The year ended 31 March 2019 marked the end of our five-year strategy
period dubbed 'Centum 3.0'. Over that five-year period, the Company's
assets grew by 249% from KES 28.8 billion to close at KES 71.6 billion
as at 31 March 2019. N. Asset Value (NAVI per share on the hand grew
by 229% from KES 34.5 to KES 79 as at 31 March 2019. The NAV per share
has grown at a compounded annual growth rate of 18% since the
commencement of our current strategy period in 2014, underscoring the
Group's commitment to sustained value creation for its shareholders.
This growth was primarily funded by internally generated funds and
borrowings as the Company elected not to raise new equity. Through
either full or partial exits in our investment portfolio over the
strategy period, we raised KES 36.3 billion in exit proceeds, which
resulted in realised capital gains of KES 24.3 billion. These
internally generated funds were complemented by two corporate bond
raises amounting to KES 10.2 billion and a bank term loan of KES 7.5
billion. Of the two bond raises, the first bond of KES 4.2 billion
which matured in September 2017 was successfully redeemed through
internally generated funds. Investors in the equity linked component
(ELNI of that bond received an additional KES 191 million,
representing a total equity upside of 15 percent of the par value in
line with the terms of the issue, which translated to an annual
internal rate of return of 14.9 percent for ELN investors. The
Company's gearing over the strategy period was on account of new
projects, under our development strategy focus. The respective real
estate projects are now cash generative and able to raise non-recourse
debt on their own. Accordingly, as communicated in our previous
investor briefing, we plan to deleverage the Company through payment
of all maturing liabilities between 2019 and June 2020.
The Group recorded a consolidated profit growth of 48% from KES 2.7
billion in 2018 to KES 4.1 billion for the financial year ended 31
March 2019. The primary performance drivers under our respective three
business units are set out below. I. PRIVATE EQUITY During the year,
the Group completed the disposal of GenAfrica Asset Managers Limited,
realising a gain of KES 1.2 billion. Through this transaction, the
Group achieved a holding period IRR of 29% for the investment,
demonstrating our track record in growing shareholder wealth through
an optimal investment strategy, portfolio management and successful
exits. The Group's beverage business reported a flat performance in
revenues, with a nominal decrease of 3%. This performance was largely
on account of weather-related distribution channel disruptions in 2018
and depressed consumer demand in the fir, half of the year. This trend
has however reversed in the quarter ended 31 March 2019, with revenues
growing by 22% compared to a similar period last year. The Group's
banking subsidiary, Sidian Bank Limited, has seen significant
improvement in its performance compared to the prior year. The bank's
focus on growing its non-funded income through growth in trade finance
business has seen non-funded income increase by 44% compared to 2018.

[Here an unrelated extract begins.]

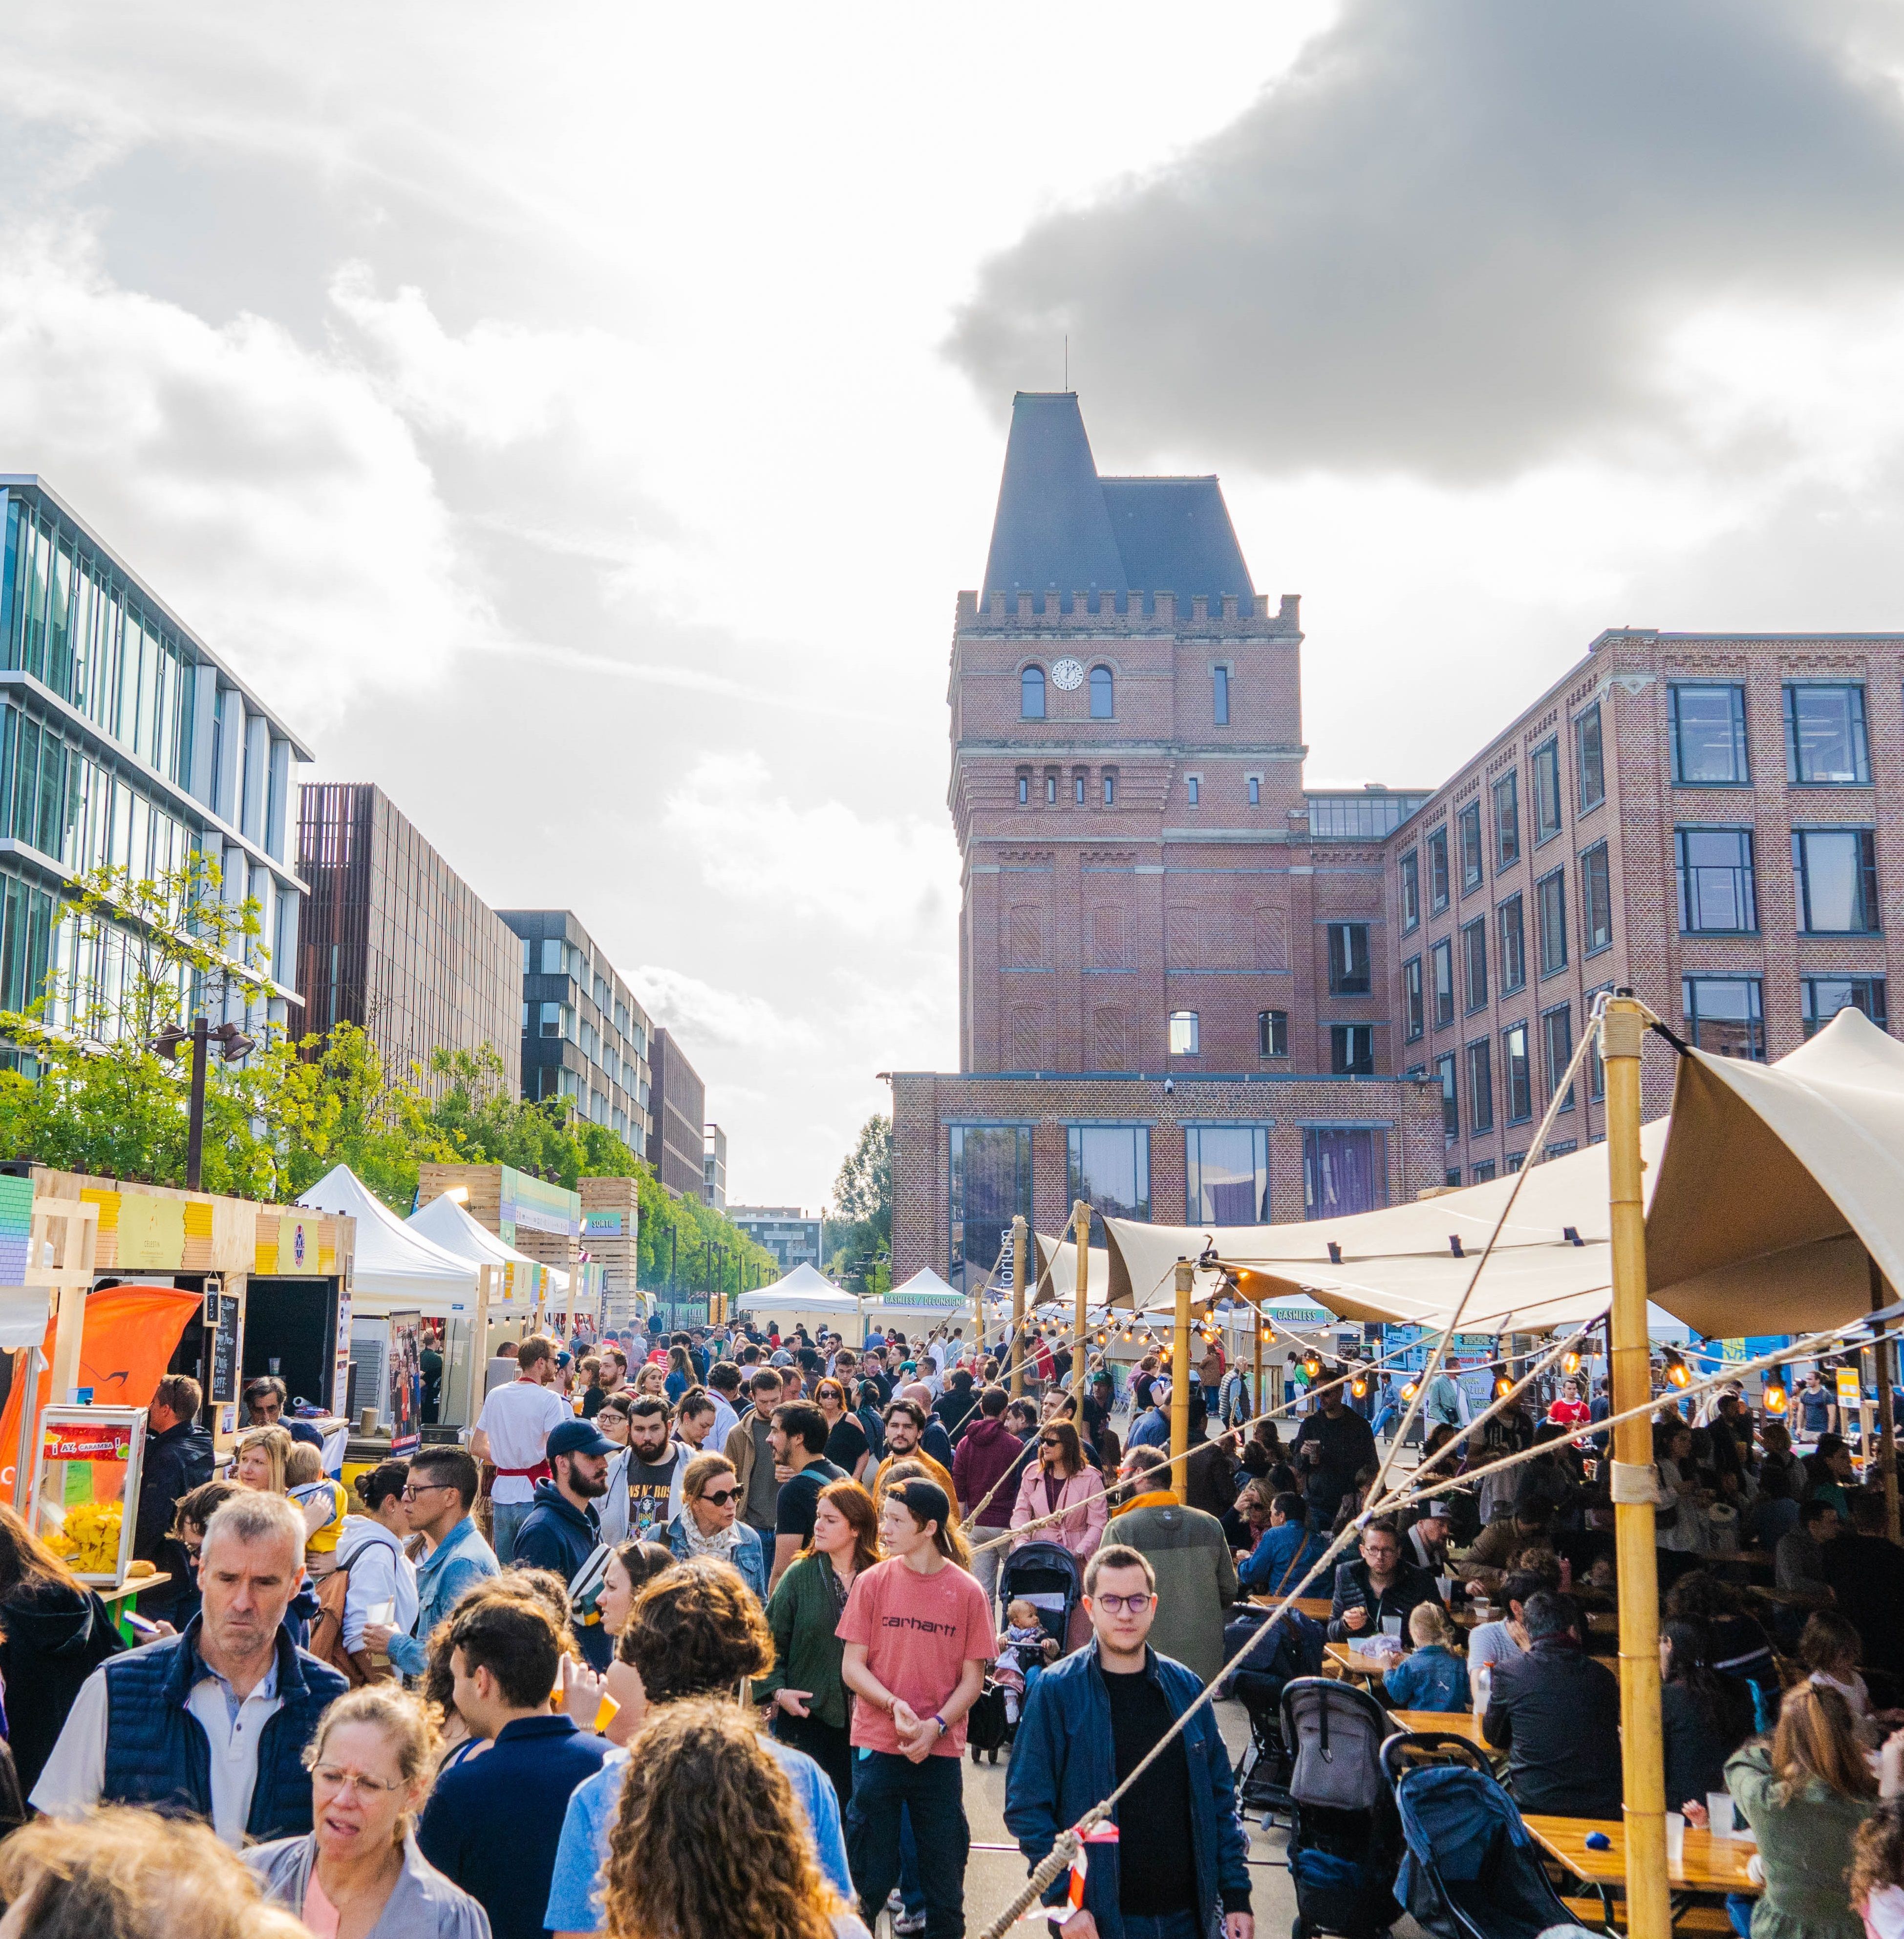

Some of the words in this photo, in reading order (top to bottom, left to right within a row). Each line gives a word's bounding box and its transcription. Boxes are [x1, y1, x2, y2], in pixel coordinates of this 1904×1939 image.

Notably, non-funded income was higher than net interest income during
the period while trade finance balances have grown by 77% over the
last 12 months, demonstrating the successful implementation of the
bank's new strategic focus. The bank has also recorded a 10% growth in
total assets and 14% in customer deposits over the twelve-month period
ended 31 March 2019. To support this growth, we recapitalised the bank
in 2018 through a full subscription to its KES 1.2 billion rights
issue. The bank also closed on a KES 1.2 billion Tier II Capital
Facility from Denmark's Investment Fund for Developing Countries
(IFU). The bank's strong capital base, balance sheet and trade finance
book have provided it with a strong growth platform that saw it return
to profitability in the quarter ended 31 March 2019.

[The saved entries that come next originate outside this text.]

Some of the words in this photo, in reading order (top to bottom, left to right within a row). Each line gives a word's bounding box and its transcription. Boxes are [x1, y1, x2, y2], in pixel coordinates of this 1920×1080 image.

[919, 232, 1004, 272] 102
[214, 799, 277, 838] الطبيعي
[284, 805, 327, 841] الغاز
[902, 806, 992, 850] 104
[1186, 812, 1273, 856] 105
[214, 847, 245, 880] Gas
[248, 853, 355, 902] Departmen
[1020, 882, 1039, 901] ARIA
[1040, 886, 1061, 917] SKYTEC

Within the trading subsidiaries segment, Longhorn Publishers Limited
recorded a 141% growth in profitability over the twelve-month period
to 31 March 2019, driven by a strong top line performance, on account
of both geographical and product diversification.
REAL ESTATE Our focus in the real estate portfolio is monetisation of
our land banks through in-fill projects development or sale of
development rights. During the year, we closed a number of development
rights sales in our land banks at valuation multiples that are several
times our book carrying value. In addition, residential projects
across our three land banks have recorded strong pre-sale performance
over the year. We are currently developing 3,000 residential units, of
which the first phase of 1,200 units is under construction. Over a
ten-month period, we have attained a 51% (606 units) pre-sale level on
the units under construction, with a sales value of KES 5.2 billion .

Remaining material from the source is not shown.